## Assignment
Without including the pictures, copy out every line below.
╭─ Data shown
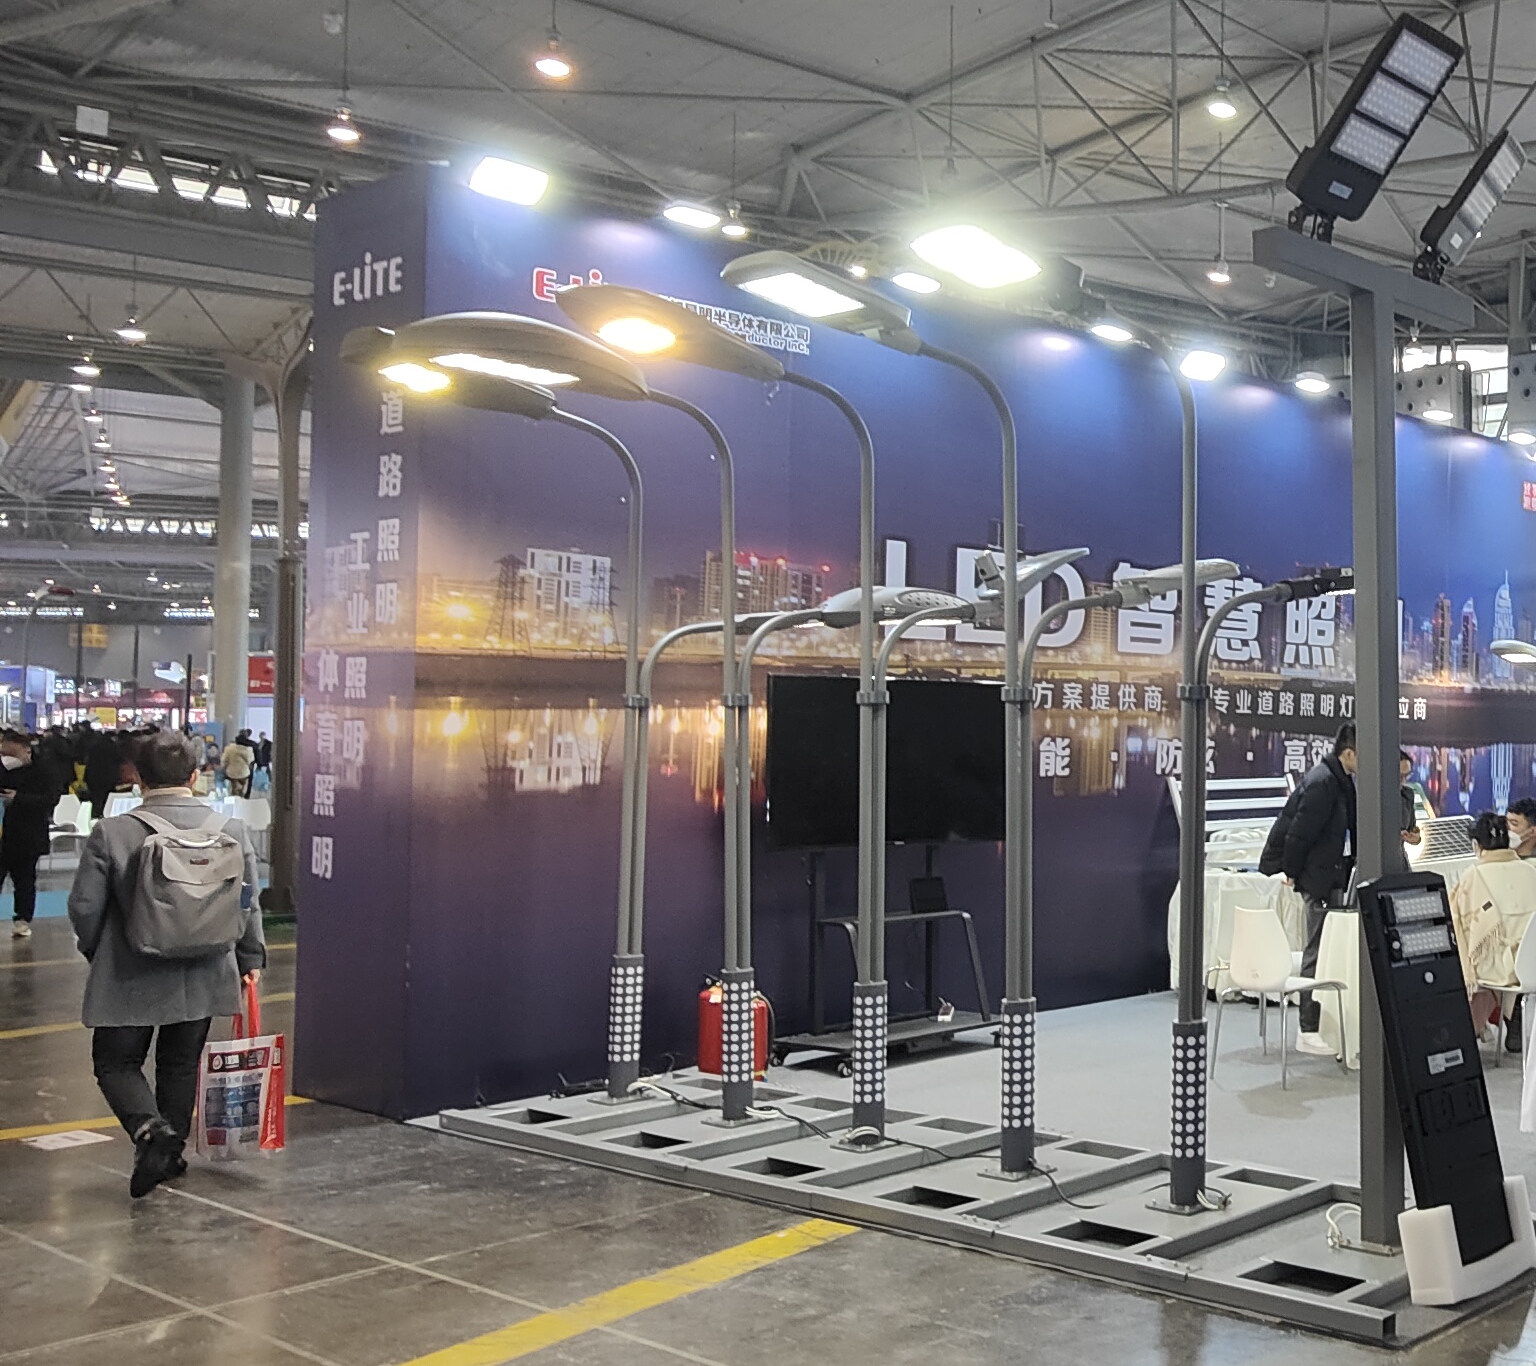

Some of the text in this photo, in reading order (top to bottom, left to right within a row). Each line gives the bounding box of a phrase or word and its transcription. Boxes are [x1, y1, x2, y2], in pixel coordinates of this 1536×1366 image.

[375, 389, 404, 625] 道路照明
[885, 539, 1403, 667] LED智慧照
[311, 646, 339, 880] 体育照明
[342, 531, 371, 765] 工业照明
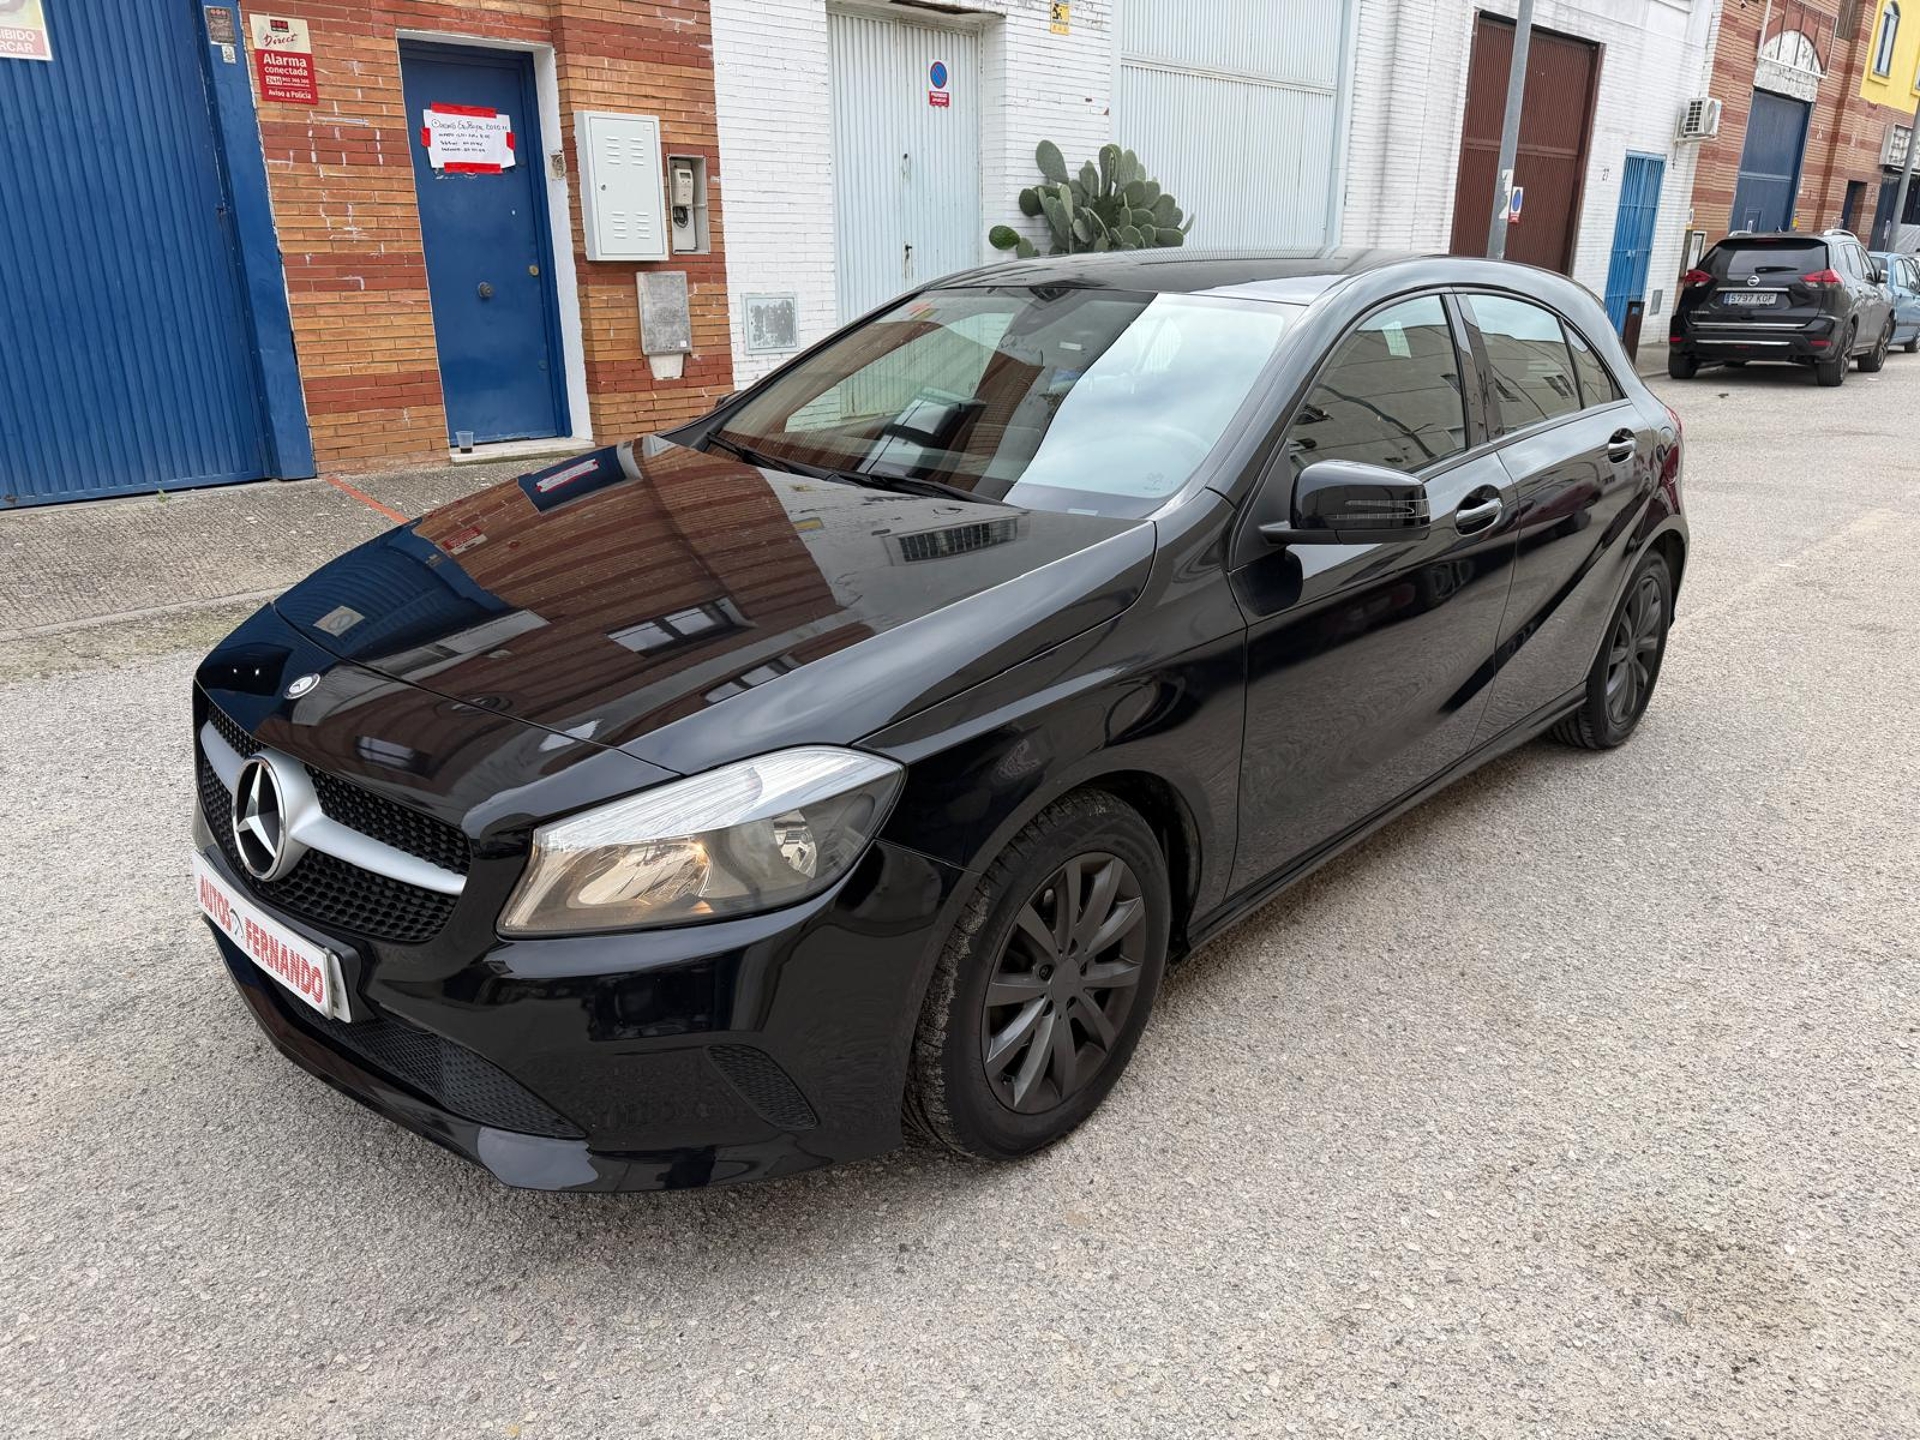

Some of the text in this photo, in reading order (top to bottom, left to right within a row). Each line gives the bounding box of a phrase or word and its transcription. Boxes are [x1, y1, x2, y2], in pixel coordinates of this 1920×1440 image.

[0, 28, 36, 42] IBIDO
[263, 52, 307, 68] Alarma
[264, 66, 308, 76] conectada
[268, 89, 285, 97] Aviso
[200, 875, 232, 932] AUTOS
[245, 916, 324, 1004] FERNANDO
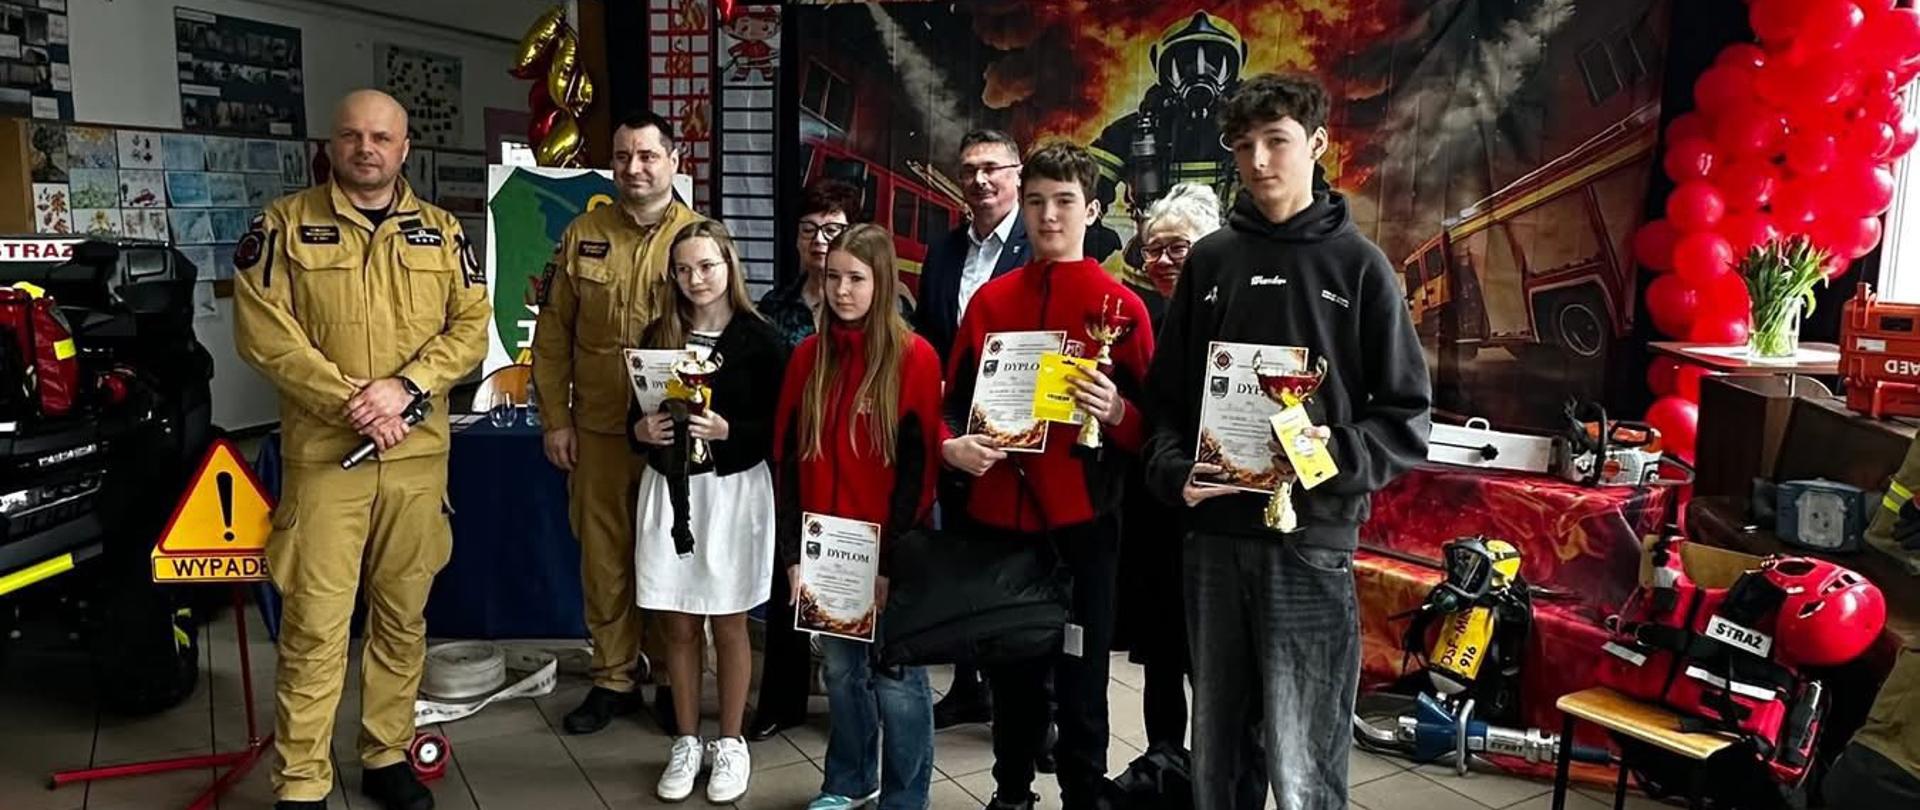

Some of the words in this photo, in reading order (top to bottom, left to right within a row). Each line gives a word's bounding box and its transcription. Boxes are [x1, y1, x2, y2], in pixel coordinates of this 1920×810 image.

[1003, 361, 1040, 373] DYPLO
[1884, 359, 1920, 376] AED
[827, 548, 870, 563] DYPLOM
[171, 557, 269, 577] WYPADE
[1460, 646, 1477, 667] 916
╰─
## Solution
Some of the text in this photo, in reading order (top to bottom, left to right within a row). Each line gives the bounding box of a phrase or word and its transcription. Boxes are [x1, y1, x2, y2], in pixel coordinates of this 1536×1366 image.

[375, 389, 404, 625] 道路照明
[885, 539, 1403, 667] LED智慧照
[311, 646, 339, 880] 体育照明
[342, 531, 371, 765] 工业照明

Some of the text in this photo, in reading order (top to bottom, left to right within a row). Each line gives the bounding box of a phrase or word and its transcription. Boxes are [x1, y1, x2, y2], in pixel coordinates of this 1920×1440 image.

[0, 28, 36, 42] IBIDO
[263, 52, 307, 68] Alarma
[264, 66, 308, 76] conectada
[268, 89, 285, 97] Aviso
[200, 875, 232, 932] AUTOS
[245, 916, 324, 1004] FERNANDO

Some of the words in this photo, in reading order (top to bottom, left to right within a row). Each line gives a word's bounding box and its transcription. Boxes are [x1, y1, x2, y2], in pixel coordinates of this 1920×810 image.

[1003, 361, 1040, 373] DYPLO
[1884, 359, 1920, 376] AED
[827, 548, 870, 563] DYPLOM
[171, 557, 269, 577] WYPADE
[1460, 646, 1477, 667] 916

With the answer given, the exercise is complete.